Earth’s outer layer is covered by rocks and these rocks have different physical and chemical properties. As two rocks are not same, it’s fun to compare them. You can also know more about Migmatite and Hornfels Reserves. Migmatite is typically a granitic rock within a metamorphic host rock which is composed of two intermingled but distinguishable components. Hornfels is a metamorphic rock formed by the contact between mudstone or other clay rich rock, and a hot igneous body, and represents a heat altered equivalent of the original rock. These rocks are composed of many distinct minerals. The process of formation of rocks is different for various rocks. Rocks are quarried from many years for various purposes. You can check out Migmatite vs Hornfels information and Migmatite vs Hornfels characteristics in the upcoming sections.

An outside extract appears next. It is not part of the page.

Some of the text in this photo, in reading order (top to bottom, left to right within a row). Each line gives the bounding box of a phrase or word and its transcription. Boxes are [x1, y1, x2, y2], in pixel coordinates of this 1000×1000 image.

Migmatite vs Hornfels Characteristics

Though some rocks look identical, they have certain characteristics which distinguish them from others. Characteristics of rocks include texture, appearance, color, fracture, streak, hardness etc. Migmatite vs Hornfels characteristics assist us to distinguish and recognize rocks. Also you can check about Properties of Migmatite and Properties of Hornfels. Learn more about Migmatite vs Hornfels in the next section. The interior uses of Migmatite include Countertops, Flooring and Kitchens whereas the interior uses of Hornfels include Decorative aggregates, Flooring, Homes and Interior decoration. Due to some exceptional properties of Migmatite and Hornfels, they have various applications in construction industry. The uses of Migmatite in construction industry include As dimension stone, Cement manufacture, For road aggregate, Making natural cement and that of Hornfels include For road aggregate, Roadstone.

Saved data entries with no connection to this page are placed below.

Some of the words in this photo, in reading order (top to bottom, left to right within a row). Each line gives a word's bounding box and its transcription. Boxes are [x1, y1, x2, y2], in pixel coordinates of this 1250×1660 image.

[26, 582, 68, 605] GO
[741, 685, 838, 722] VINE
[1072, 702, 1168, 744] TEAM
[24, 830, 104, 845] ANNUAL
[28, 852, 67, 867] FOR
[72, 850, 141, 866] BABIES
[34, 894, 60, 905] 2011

More about Migmatite and Hornfels

Here you can know more about Migmatite and Hornfels. The life cycle of a rock consists of formation of rock, composition of rock and transformation of rock. The composition of Migmatite and Hornfels consists of mineral content and compound content. The mineral content of Migmatite includes Biotite, Chlorite, Feldspar, Garnet, Graphite, Hornblade, Micas, Muscovite or Illite, Quartz, Quartzite, Silica, Zircon and mineral content of Hornfels includes Andalusite. You can also check out the list of all Metamorphic Rocks. When we have to compare Migmatite vs Hornfels, the texture, color and appearance plays an important role in determining the type of rock. Migmatite is available in black, bluish - grey, brown, brown- black, dark greenish - grey, dark grey to black colors whereas, Hornfels is available in brown, dark greenish - grey, green, reddish brown colors. Appearance of Migmatite is Dull, Banded and Foilated and that of Hornfels is Dull. Properties of rock is another aspect for Migmatite vs Hornfels. The hardness of Migmatite is 5.5-6.5 and that of Hornfels is 2-3. The types of Migmatite are Diatexites and Metatexites whereas types of Hornfels are Biotite hornfels. Streak of rock is the color of powder produced when it is dragged across an unweathered surface. The streak of Migmatite is white while that of Hornfels is unknown. The specific heat capacity of Migmatite is Not Available and that of Hornfels is 0.84 kJ/Kg K. Depending on the properties like hardness, toughness, specific heat capacity, porosity etc., rocks are resistant to heat, wear, impact, etc.Migmatite is heat resistant, pressure resistant whereas Hornfels is heat resistant, impact resistant, pressure resistant.